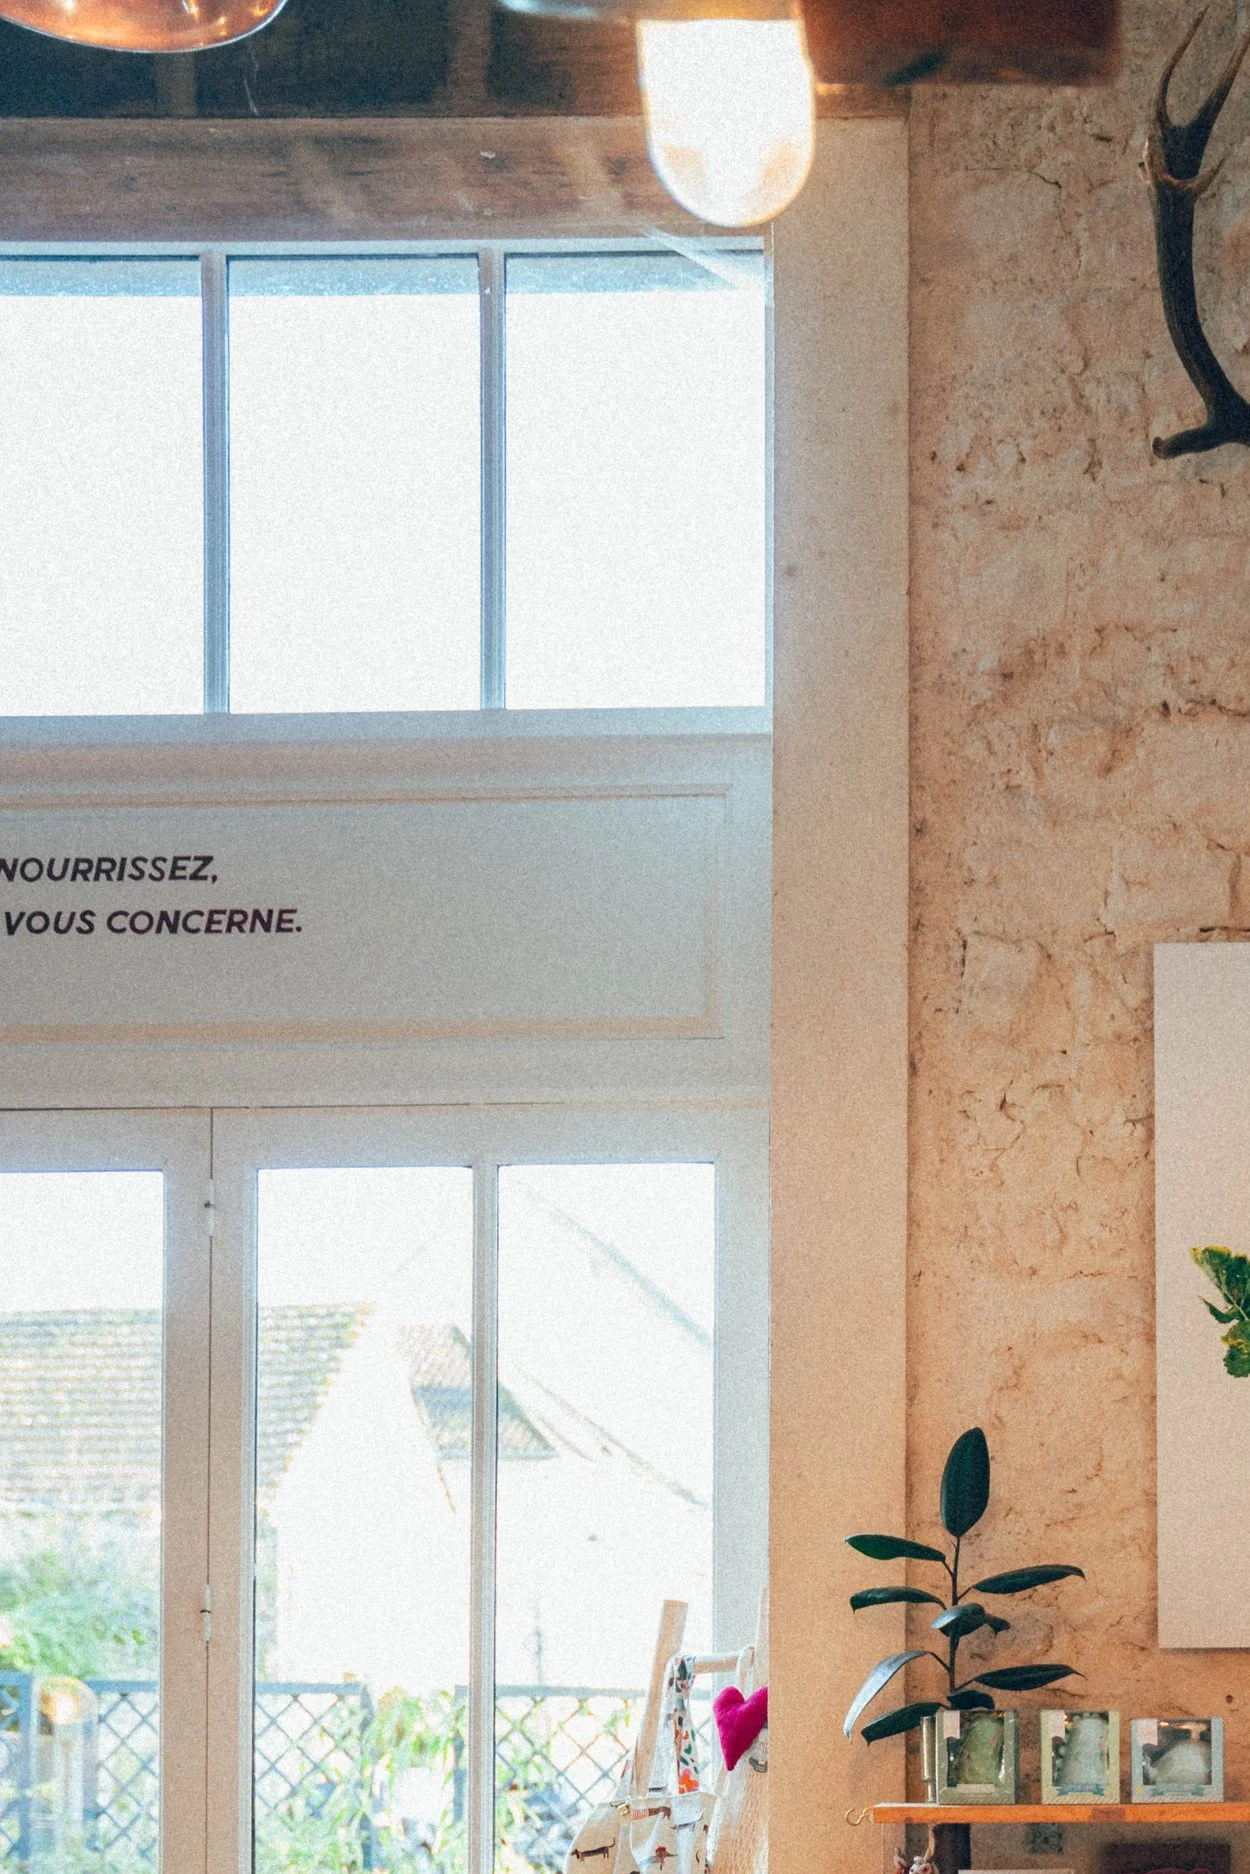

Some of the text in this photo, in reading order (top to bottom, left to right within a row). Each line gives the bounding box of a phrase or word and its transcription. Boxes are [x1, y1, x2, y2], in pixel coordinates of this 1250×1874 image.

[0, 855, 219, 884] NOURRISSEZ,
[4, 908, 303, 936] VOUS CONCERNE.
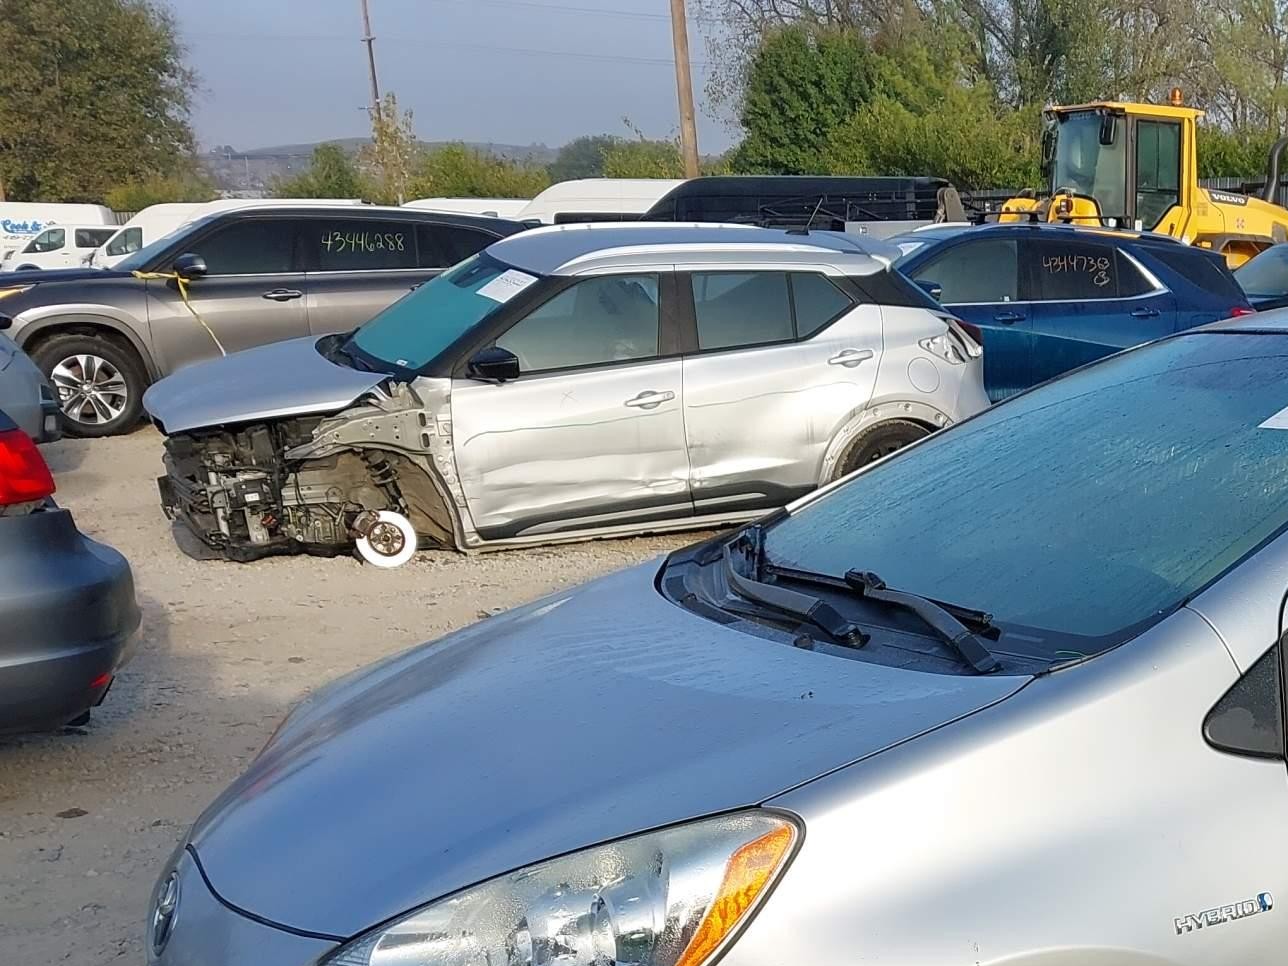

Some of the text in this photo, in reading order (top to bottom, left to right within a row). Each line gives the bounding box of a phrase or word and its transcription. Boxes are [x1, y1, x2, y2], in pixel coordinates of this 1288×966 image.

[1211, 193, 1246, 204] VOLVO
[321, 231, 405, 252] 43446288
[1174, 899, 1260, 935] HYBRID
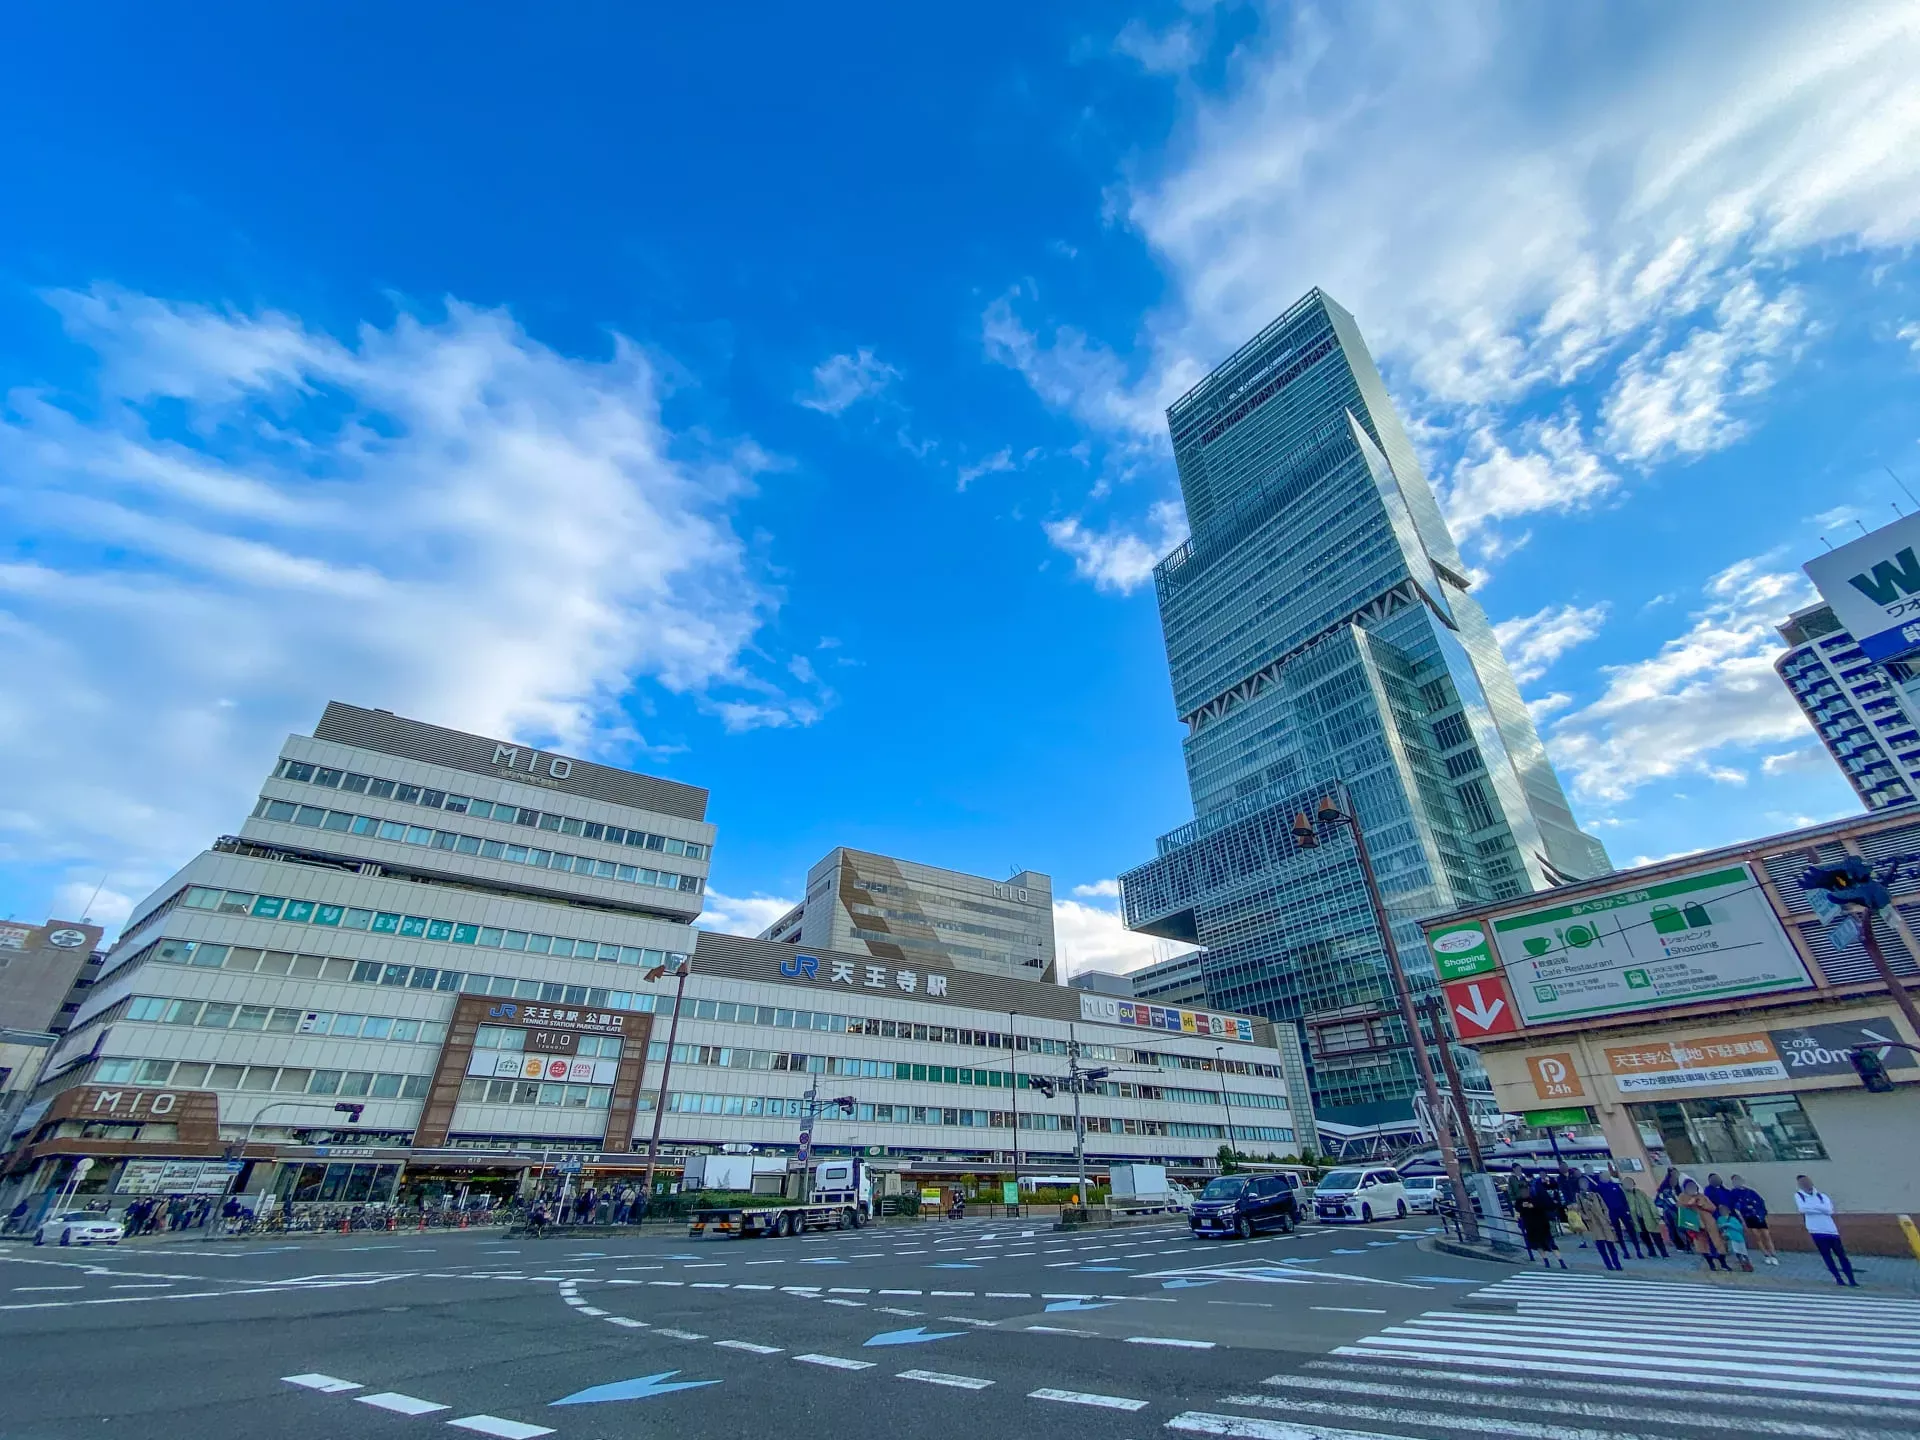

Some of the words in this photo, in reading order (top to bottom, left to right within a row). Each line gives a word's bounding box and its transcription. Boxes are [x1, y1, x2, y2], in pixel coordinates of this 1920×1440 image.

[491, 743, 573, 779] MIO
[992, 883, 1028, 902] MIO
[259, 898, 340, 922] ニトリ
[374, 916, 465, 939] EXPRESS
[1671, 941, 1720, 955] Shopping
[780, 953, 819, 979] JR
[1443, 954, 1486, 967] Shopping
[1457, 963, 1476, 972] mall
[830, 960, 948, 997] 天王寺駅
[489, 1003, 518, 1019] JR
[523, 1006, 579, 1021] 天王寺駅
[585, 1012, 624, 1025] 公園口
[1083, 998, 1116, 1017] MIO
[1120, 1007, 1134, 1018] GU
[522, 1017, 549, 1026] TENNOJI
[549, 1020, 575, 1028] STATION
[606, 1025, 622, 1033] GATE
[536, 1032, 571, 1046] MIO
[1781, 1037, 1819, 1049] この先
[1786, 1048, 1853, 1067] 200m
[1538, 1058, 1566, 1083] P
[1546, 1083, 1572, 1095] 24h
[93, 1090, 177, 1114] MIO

> _Work instruction_:
Without the pictures, transcribe the lines from the one containing "this 1288×966 image." through the end of the data, exactly and only those.

> _Solution to this task_:
Some of the text in this photo, in reading order (top to bottom, left to right within a row). Each line gives the bounding box of a phrase or word and its transcription. Boxes are [x1, y1, x2, y2], in pixel coordinates of this 1288×966 image.

[1211, 193, 1246, 204] VOLVO
[321, 231, 405, 252] 43446288
[1174, 899, 1260, 935] HYBRID

Some of the words in this photo, in reading order (top to bottom, left to right within a row). Each line gives a word's bounding box and its transcription. Boxes are [x1, y1, x2, y2], in pixel coordinates of this 1920×1440 image.

[491, 743, 573, 779] MIO
[992, 883, 1028, 902] MIO
[259, 898, 340, 922] ニトリ
[374, 916, 465, 939] EXPRESS
[1671, 941, 1720, 955] Shopping
[780, 953, 819, 979] JR
[1443, 954, 1486, 967] Shopping
[1457, 963, 1476, 972] mall
[830, 960, 948, 997] 天王寺駅
[489, 1003, 518, 1019] JR
[523, 1006, 579, 1021] 天王寺駅
[585, 1012, 624, 1025] 公園口
[1083, 998, 1116, 1017] MIO
[1120, 1007, 1134, 1018] GU
[522, 1017, 549, 1026] TENNOJI
[549, 1020, 575, 1028] STATION
[606, 1025, 622, 1033] GATE
[536, 1032, 571, 1046] MIO
[1781, 1037, 1819, 1049] この先
[1786, 1048, 1853, 1067] 200m
[1538, 1058, 1566, 1083] P
[1546, 1083, 1572, 1095] 24h
[93, 1090, 177, 1114] MIO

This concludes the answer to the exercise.